Obviously, that couldn’t last — she fell back to earth years ago.
The Houston of today — who at age 46 released her first album in seven years Monday, her much-trumpeted “comeback,” “I Look to You” (Arista) — is a shadow of her former self. That’s not a crack about her much-talked-about weight loss or drug abuse. It’s not a veiled jab about her tumultuous divorce from Bobby Brown. It’s, unfortunately, the impression you get from listening to her new album.
“I Look to You” isn’t a bad album — like, say, 2002’s desperate, unfocused “Just Whitney” — but it is neither artistically strong like 1998’s “My Love Is Your Love” nor an outright commercial smash like her early work. It is (gasp!) kind of ordinary.
The title track outlines the problem. Written by R. Kelly, “I Look to You” is the type of pop ballad that should be right in Houston’s wheelhouse, but she kind of fouls it off. Her gifts have always been in phrasing and power, and none of that shows here. Her delivery is pretty but plodding, and though she hits some big notes, they don’t really build to anything or provide any emotional payoff. They are big for big’s sake, seemingly added because that’s what’s expected of her. Instead of inspiration, they deliver an emptiness that doesn’t help the song connect and, as a result, the single didn’t catch on with fans or radio stations, spending only one week at No. 74 before falling off the charts.
The second single, “Million Dollar Bill,” a midtempo dance track with a disco feel written by Alicia Keys and produced by Swizz Beatz, will likely fare better, though it highlights the album’s other problem. Houston is not just another singer. In fact, part of the reason she has been criticized far more intensely through her struggles with drug use and her marital difficulties is because her natural ability is so obvious. When talent is as close as it gets to divine, the public is not patient when it looks like a gift that grand is being squandered.
“Million Dollar Bill” is a good song, but it would have sounded essentially the same coming from any number of singers, from Keri Hilson to Celine Dion. Over the years, Houston has made her songs far more distinctive than this or the equally pleasant Stargate production “Call You Tonight” or her duet with Akon on “Like I Never Left.” The lack of her indelible vocal signature on these songs raises some questions about how strong she really is at the moment.

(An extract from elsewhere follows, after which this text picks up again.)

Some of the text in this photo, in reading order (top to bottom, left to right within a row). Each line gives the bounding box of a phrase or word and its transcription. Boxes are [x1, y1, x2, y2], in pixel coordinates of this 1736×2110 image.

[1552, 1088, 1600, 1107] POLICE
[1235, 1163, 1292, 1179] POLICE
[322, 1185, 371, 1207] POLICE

On “I Look to You,” the glimpses of Houston’s former glory come at unexpected times. Her take on Leon Russell’s “A Song for You,” which breezes through the Donny Hathaway version into a club anthem and back again, is a great surprise in the vein of “I’m Every Woman.”
But the song that suggests that Houston’s future will be brighter than her recent past is “Salute,” also written by R. Kelly, which recaptures the street vibe she was cultivating on “My Love Is Your Love” and delivers the kind of verses her fans have been waiting for. She calls herself “a soldier girl” and playfully offers a kiss-off “salute,” as well as quoting LL Cool J’s “Don’t call it a comeback, I’ve been here for years” line. “Took me all of these years to realize that you don’t belong here,” she sings with a fire that isn’t matched elsewhere on the album. “You say I’ll never do better? Yeah, right. Whatever.”
“Salute” is what Houston sounds like when she’s connected to a song and firing on all cylinders. It’s imaginative and dramatic and, yeah, it has an air of invincibility. It’s also the kind of song that her true “comeback” album will be built around. “I Look to You” isn’t it.